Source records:
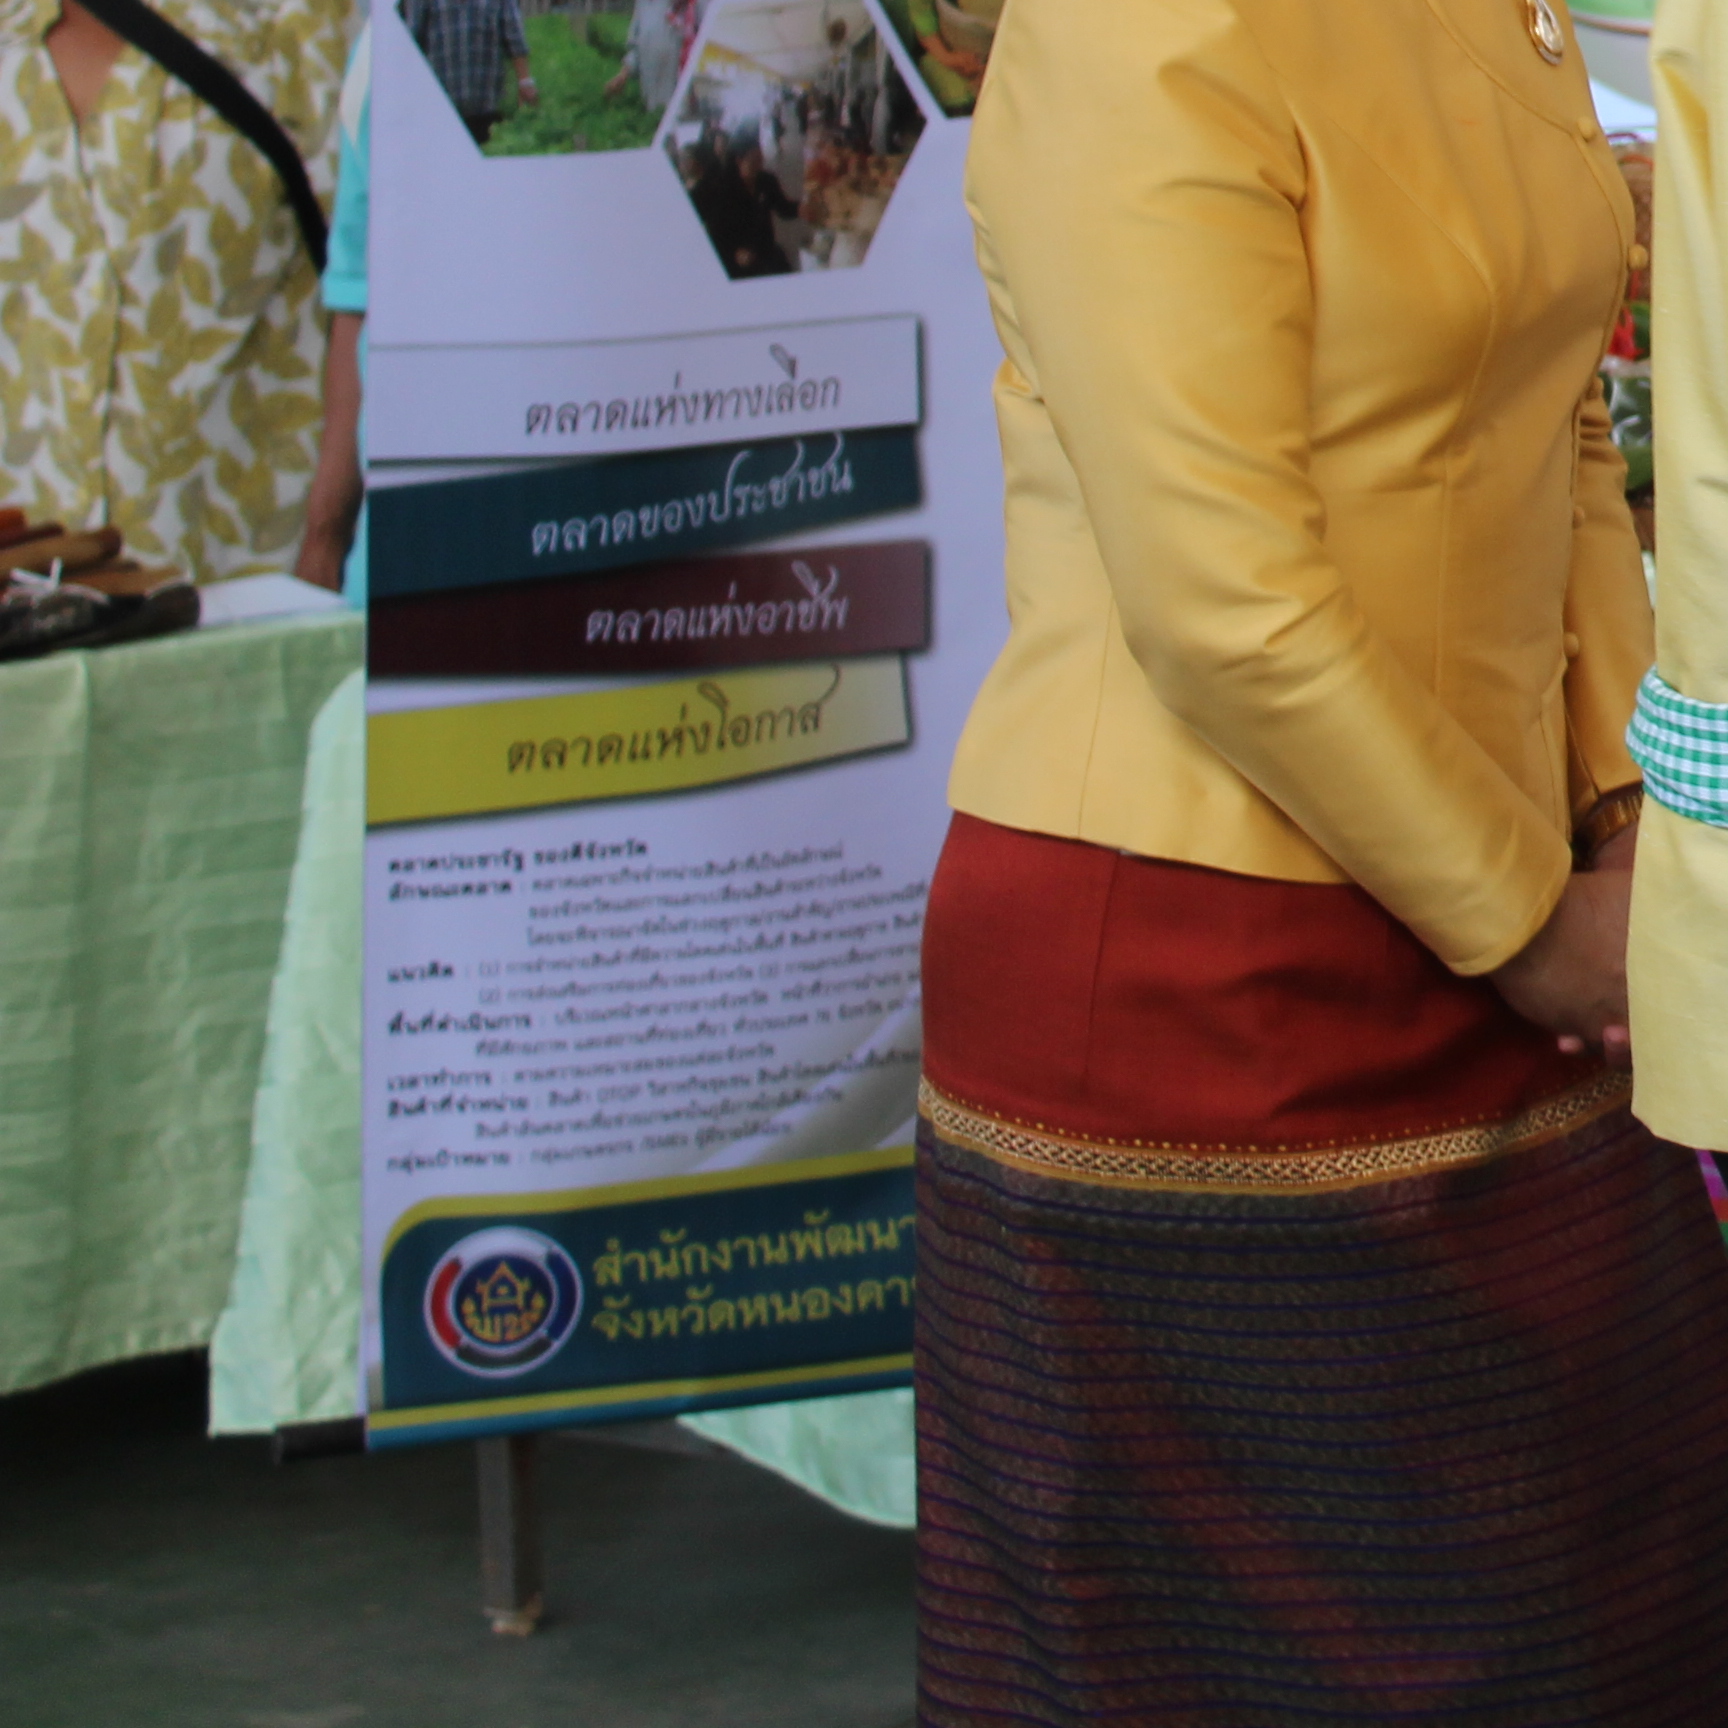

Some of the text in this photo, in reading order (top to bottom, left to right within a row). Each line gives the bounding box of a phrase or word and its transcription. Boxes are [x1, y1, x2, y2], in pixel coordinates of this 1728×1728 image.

[524, 343, 842, 436] ตลาดแห่งทางเลือก
[530, 431, 855, 557] ตลาดของประชาชน
[584, 560, 848, 645] ตลาดแห่งอาชีพ
[506, 664, 842, 775] ตลาดแห่งโอกาส
[590, 1275, 917, 1342] จังหวัดหนองคา
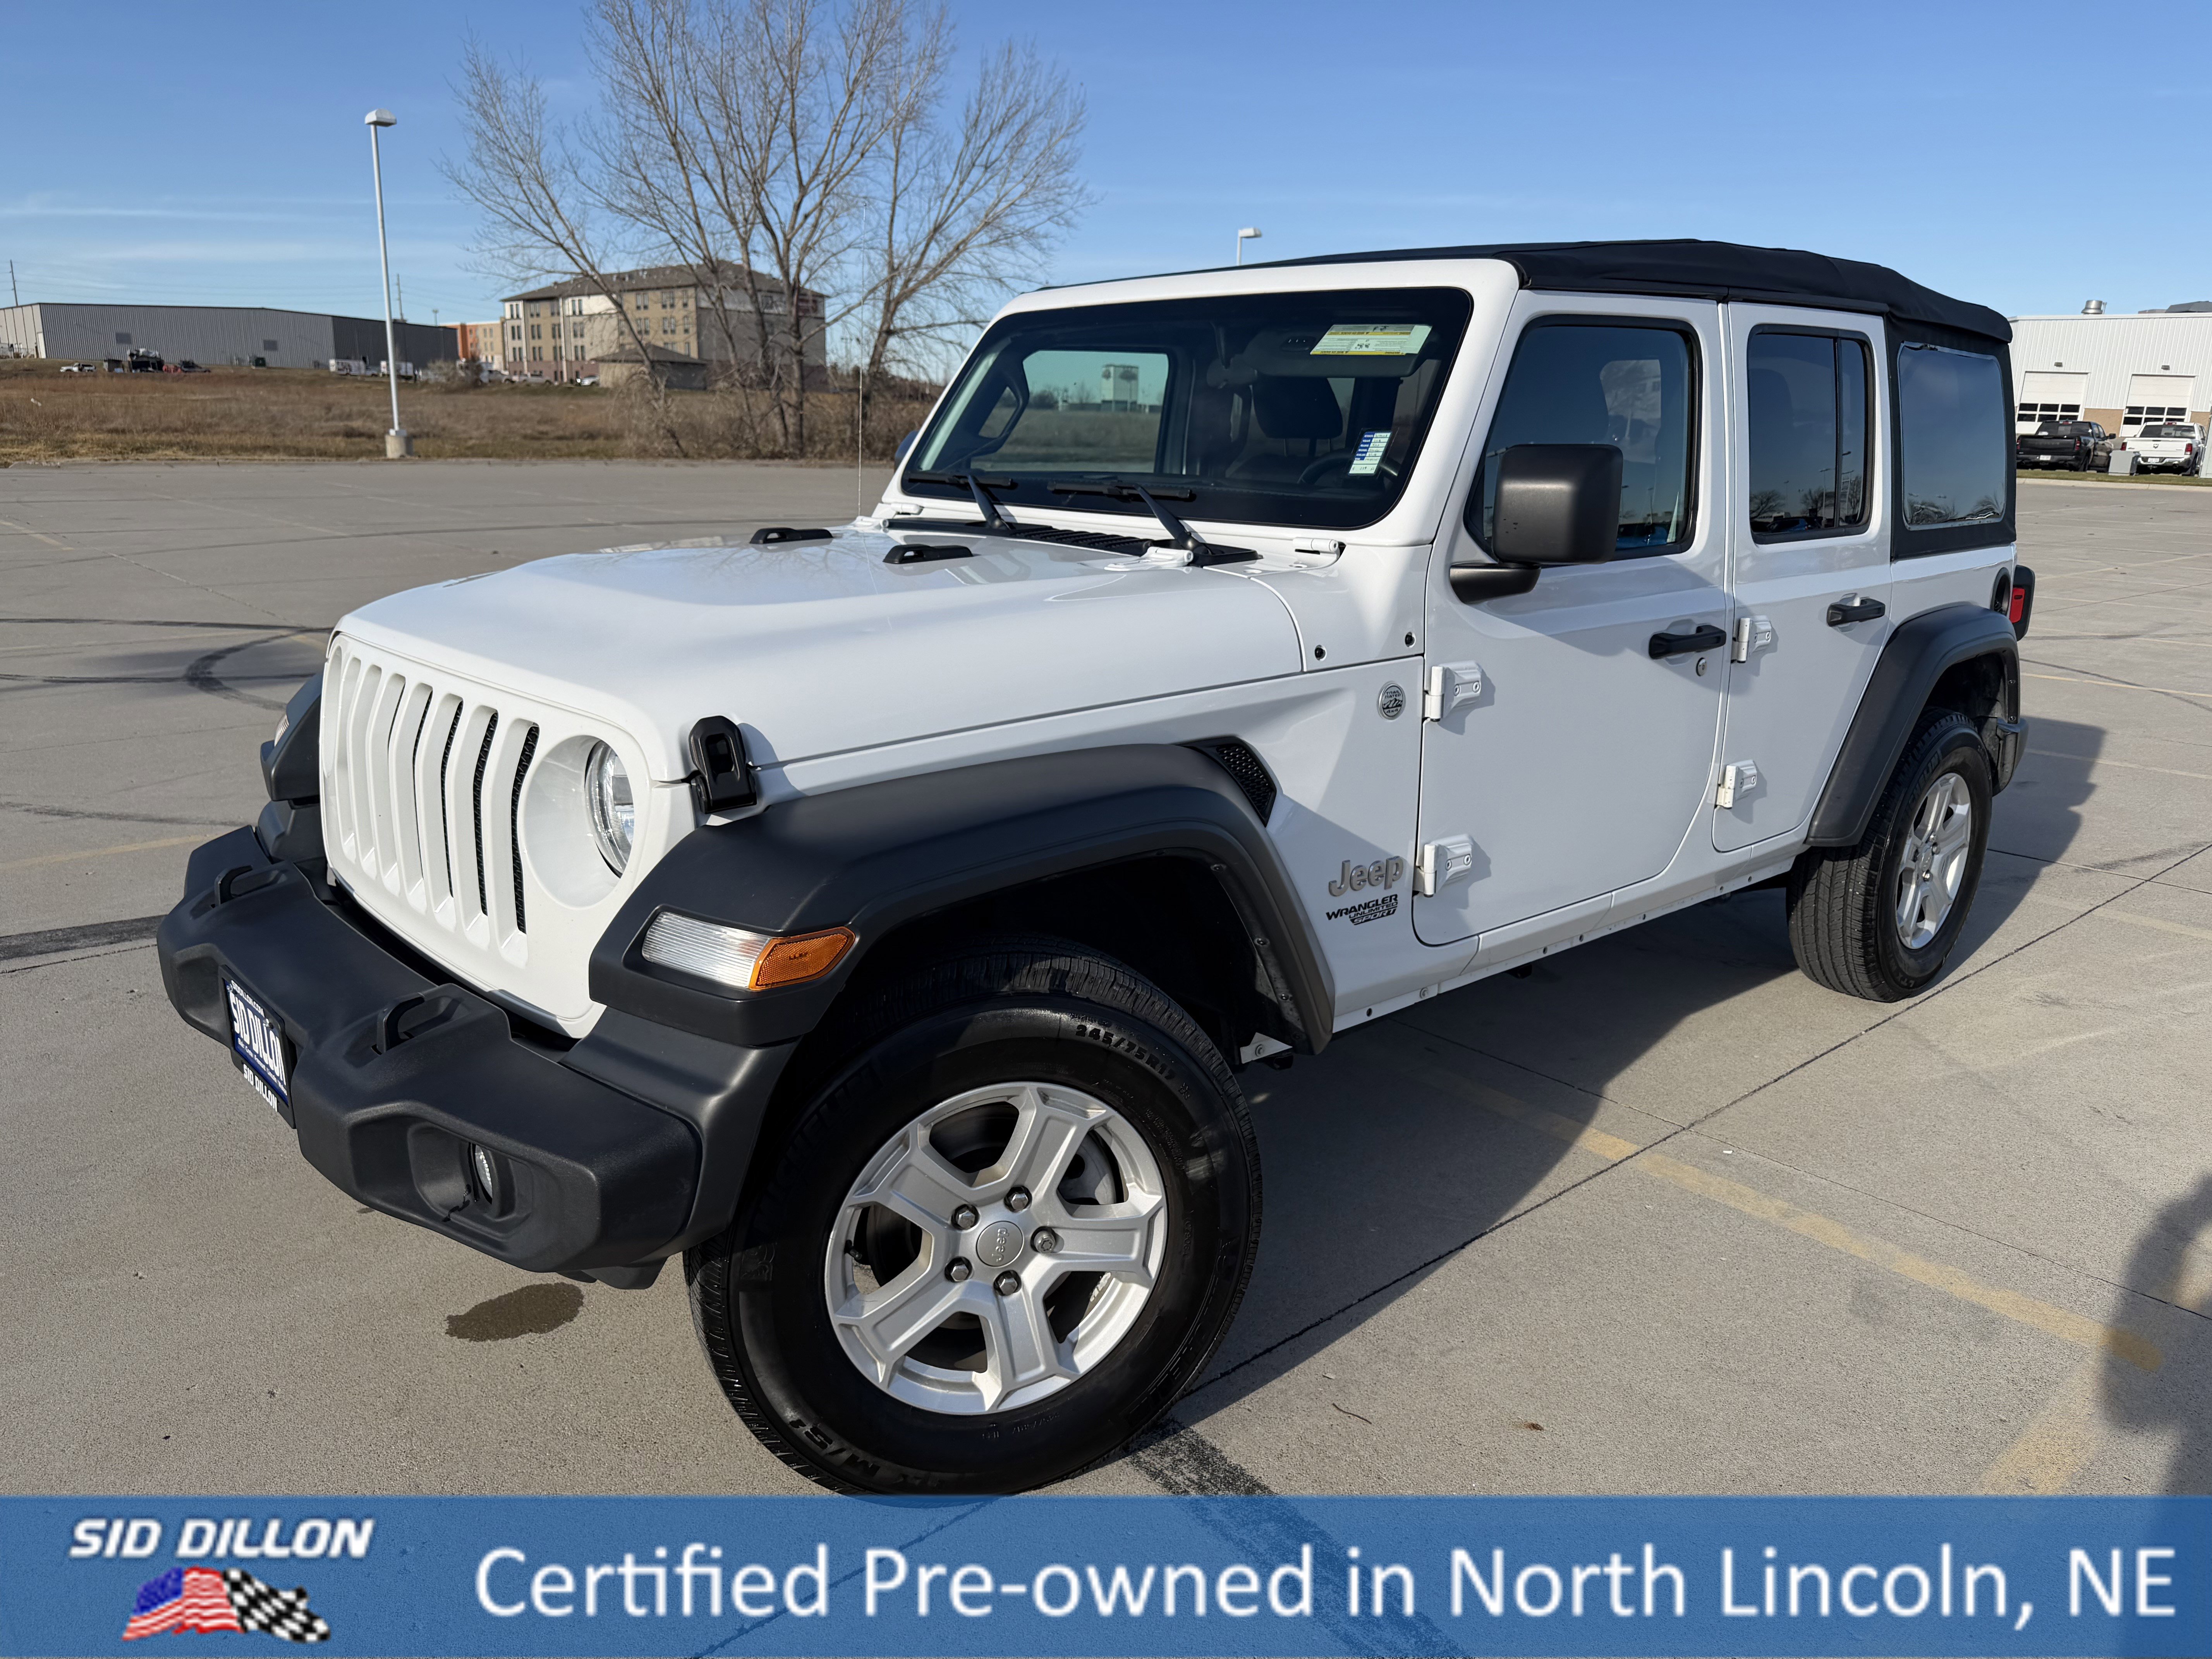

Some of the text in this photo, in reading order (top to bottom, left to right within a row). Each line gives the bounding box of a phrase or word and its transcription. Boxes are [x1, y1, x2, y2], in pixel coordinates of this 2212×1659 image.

▶ [The problem] Would you reproduce the lines above exactly, without carrying over the pictures?

▶ [Answer below]
Some of the text in this photo, in reading order (top to bottom, left to right within a row). Each line gives the bounding box of a phrase or word and its transcription. Boxes are [x1, y1, x2, y2], in pixel coordinates of this 1728×1728 image.

[524, 343, 842, 436] ตลาดแห่งทางเลือก
[530, 431, 855, 557] ตลาดของประชาชน
[584, 560, 848, 645] ตลาดแห่งอาชีพ
[506, 664, 842, 775] ตลาดแห่งโอกาส
[590, 1275, 917, 1342] จังหวัดหนองคา

Some of the text in this photo, in reading order (top to bottom, left to right within a row). Each line gives the bounding box of a phrase or word and its transcription. Boxes are [x1, y1, x2, y2], in pixel coordinates of this 2212×1659 image.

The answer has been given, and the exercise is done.